Blogger Damaris...I still do not know why she had to pose near the cock at all... voodoo PHOTO/James Muriuki

Blogger Damaris…I still do not know why she had to pose near the cock at all… voodoo PHOTO/James Muriuki

At age 6, the Luo girl is already programmed to know how to carry her little brother or sister on her side. At this age, she is also supposed to start the trips to fetch water from the well (soko), water pan (yao) or aora (river). When the water source is shared between cattle and people, I already knew that I had to fetch it in the morning before the cattle startled the water (jamni oduo pi). I will make many trips (sombo pi) and as I grew older, the trips would be fewer because we learnt how to balance the 10 little bucket on my head (diedo) and carried a smaller 5-litre jerican by the hand.

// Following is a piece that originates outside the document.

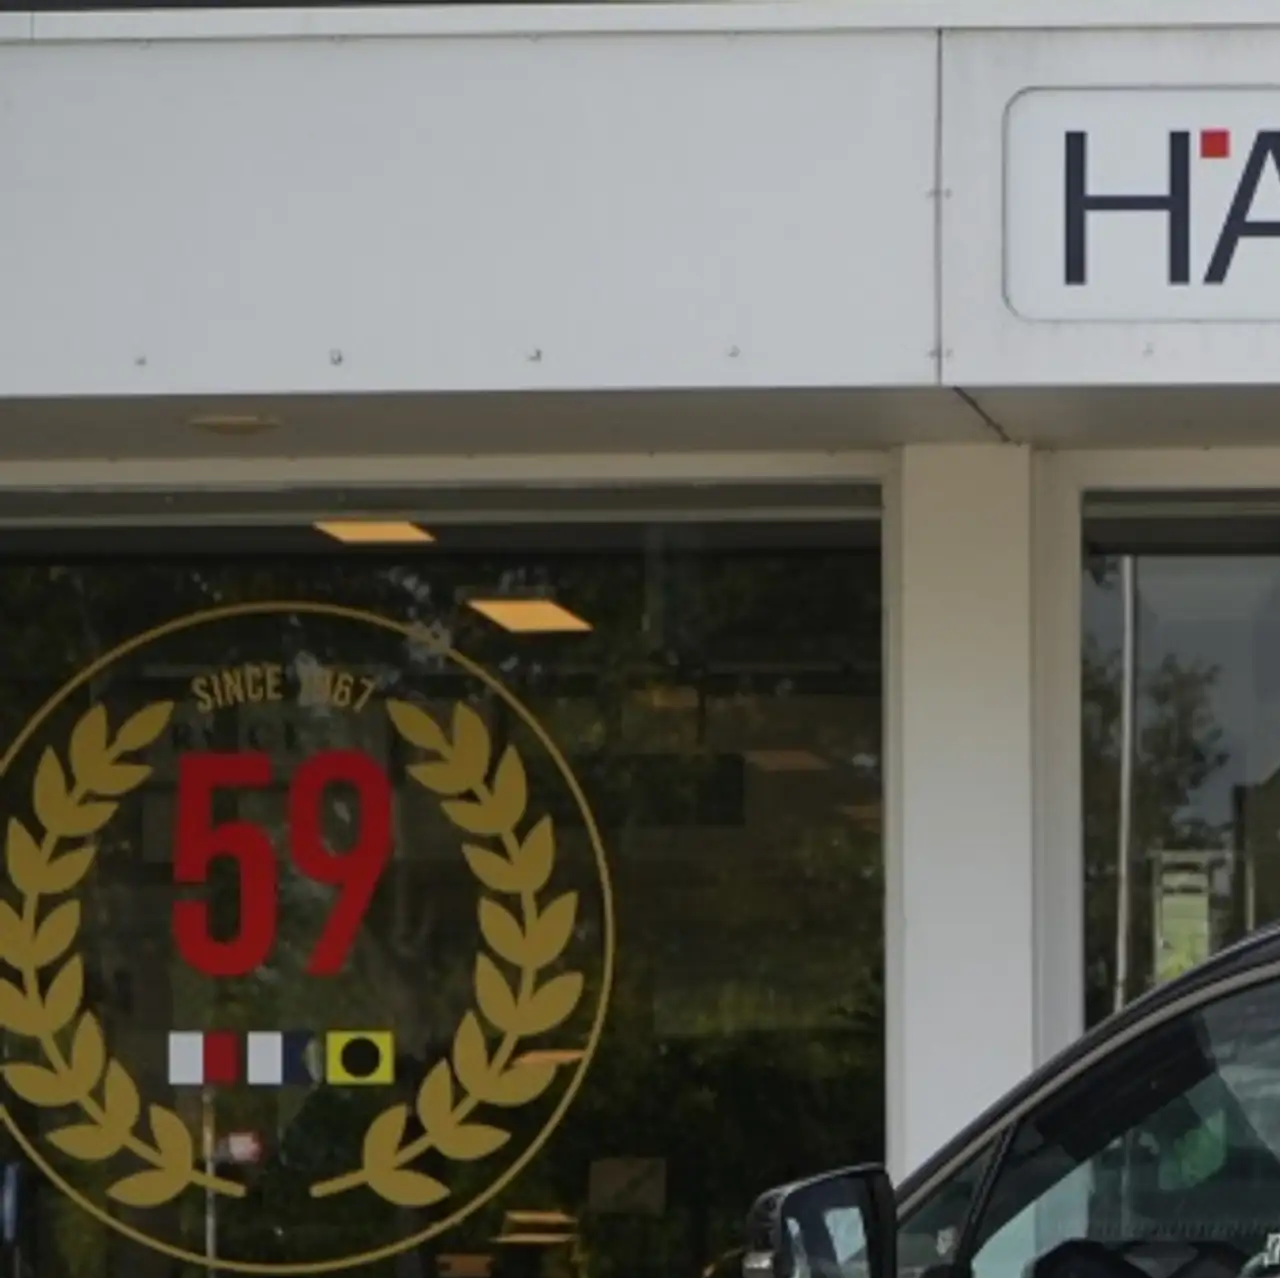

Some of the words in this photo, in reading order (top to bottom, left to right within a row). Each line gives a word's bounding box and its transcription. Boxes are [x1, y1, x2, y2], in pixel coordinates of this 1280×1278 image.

[191, 662, 284, 713] SINCE
[299, 667, 382, 713] 67
[173, 750, 392, 977] 59

From the water fetching, a woman is taught three things: team work, knowing how to select who will be in your circles and improvising what you have in your environment to live. Normally with shaven heads, I had to learn to make a little donut-looking grass thing (tach) to place between my head and the bucket. This thing is woven using grass and banana leaves and left to dry. The trips to the river sometimes would be lonely, and therefore we would go as a group. In the dry season the group becomes handy. The water would be so far down the water pan, difficult to reach and slippery . So we would let the lighter girl, stay there fetching the water with the calabash (aguata) which we would decorate with fire to make them pretty. Then the lighter girl would pass the bucket to another in the middle and then finally to the one standing outside the water source. Team work. Once every bucket was filled, the tallest girl would help all of us put them on our heads before carrying hers and we would leave. These teams were not random. They were selected carefully and headed by an unspoken alpha female who was perhaps older, stronger. Because yours truly has always had a tiny physique despite her dinosaur’s appetite, she never became an alpha female. Let us take a moment and laugh at that.

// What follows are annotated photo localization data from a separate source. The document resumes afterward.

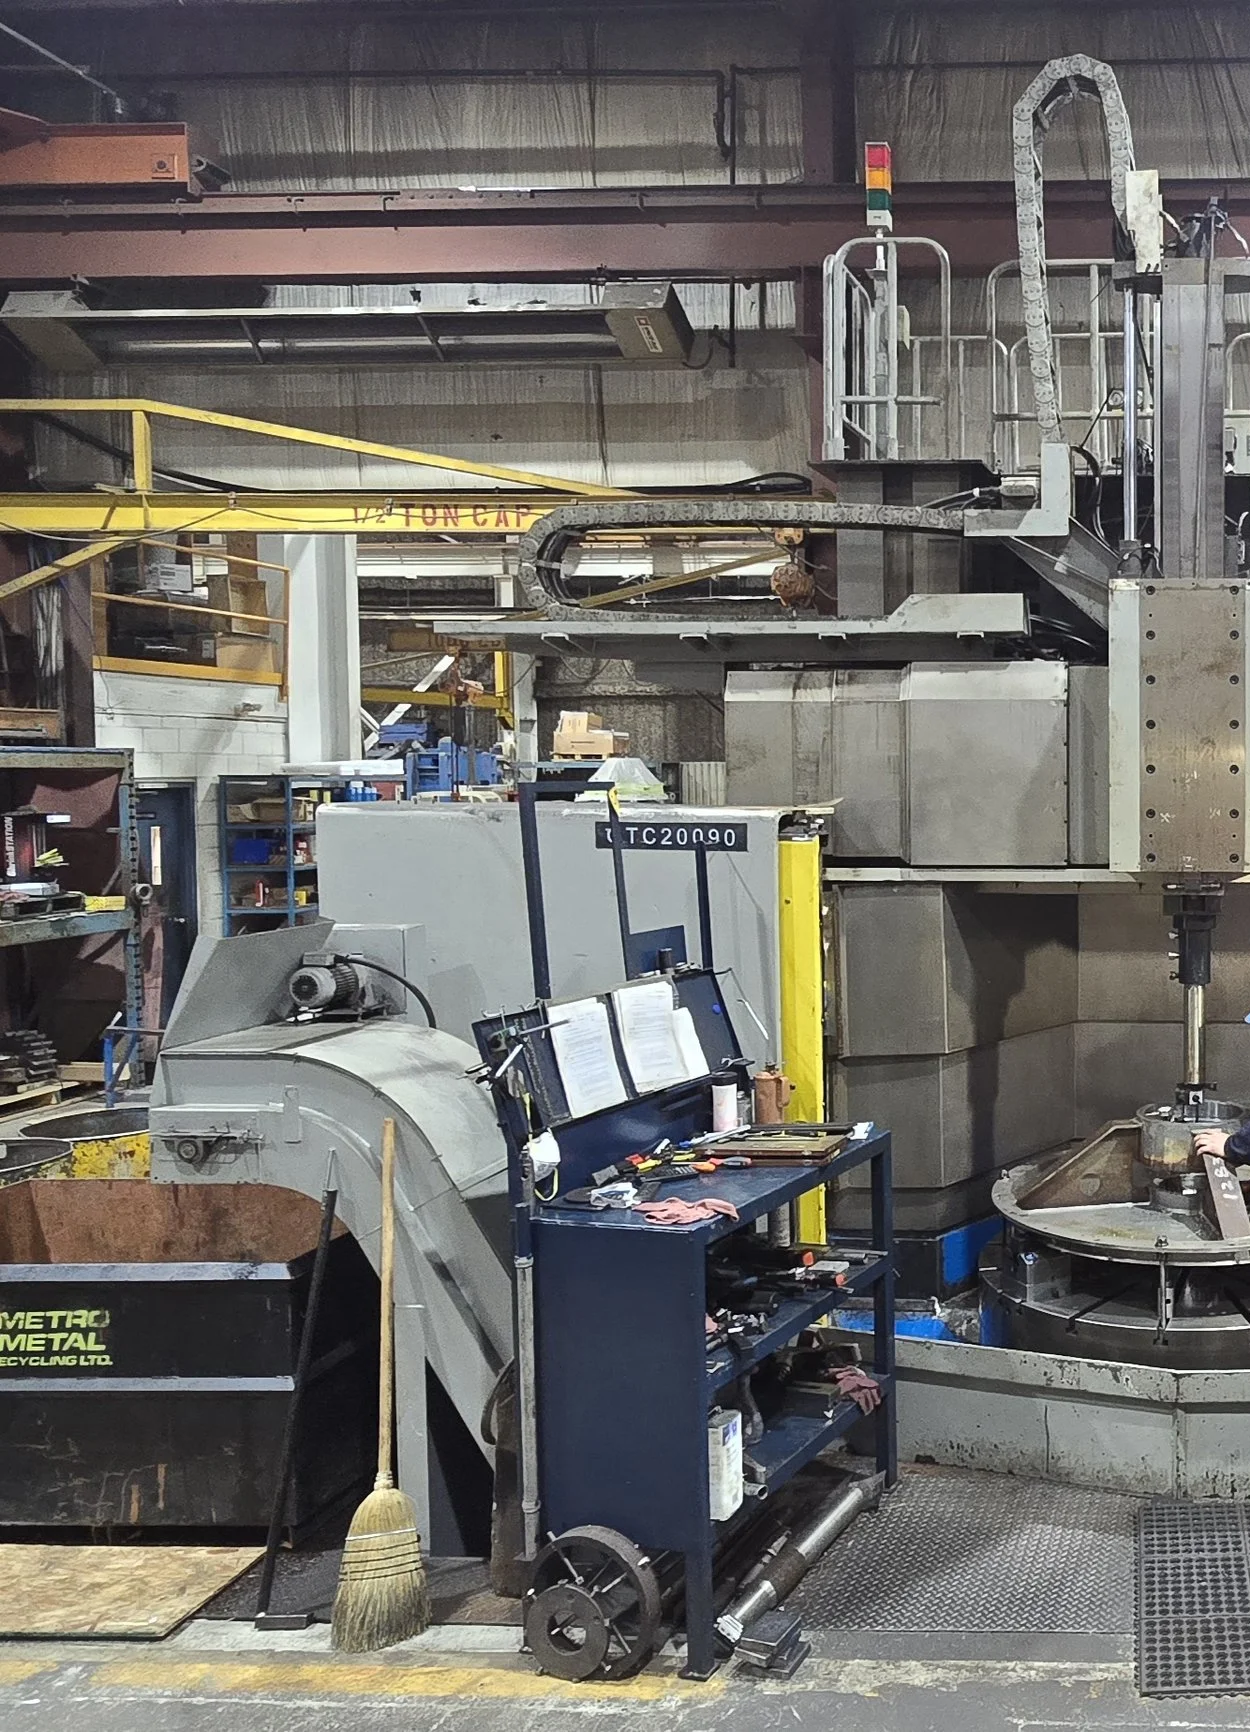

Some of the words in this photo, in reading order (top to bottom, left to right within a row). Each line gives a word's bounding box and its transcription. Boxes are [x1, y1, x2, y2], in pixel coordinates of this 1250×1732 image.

[353, 505, 386, 525] 1/2
[400, 503, 460, 527] TON
[472, 504, 531, 528] CAP
[0, 1309, 110, 1330] METRO
[0, 1332, 106, 1352] METAL
[0, 1355, 77, 1367] ECYCLING
[79, 1354, 113, 1367] LTD.

The river was not just a place for drawing water. Far from it. This is where girls and women would plan the next social event (like playing bean bag or market expeditions) solutions for problems (like way laying the second wife who dared speak back to the first wife and beat her to pulp to know her place). So every week there would be bean bag, date sets by the alpha females and word passed round the village for all girls. Since there was no watch, the time would be spoken in terms of “ka jo dhok owuok” (when cattle sellers are leaving, oh they were never late). In the game, there would be a mock election to decide whose side you’d play on. Now this is where the alpha females spoke. We all knew one another: the one with the strong arms for throwing the ball, the swift and fast(I must have been here), the weak (or here)…. So you’d line up, and one of the alpha females will ask you to step in front and back to the respective teams. The other alpha female would look at her team and if she was satisfied she had enough fighters and enough weaklings that she can take care of without compromising her win, she would ask “ng’ama chako?” (Who’s starting the game?). If she was not satisfied she would say “uyieroru” (You have selected yourselves) and then a negotiation would be made to trade where the aggrieved party would give one weakling to the other side or the strong team would give a warrior over.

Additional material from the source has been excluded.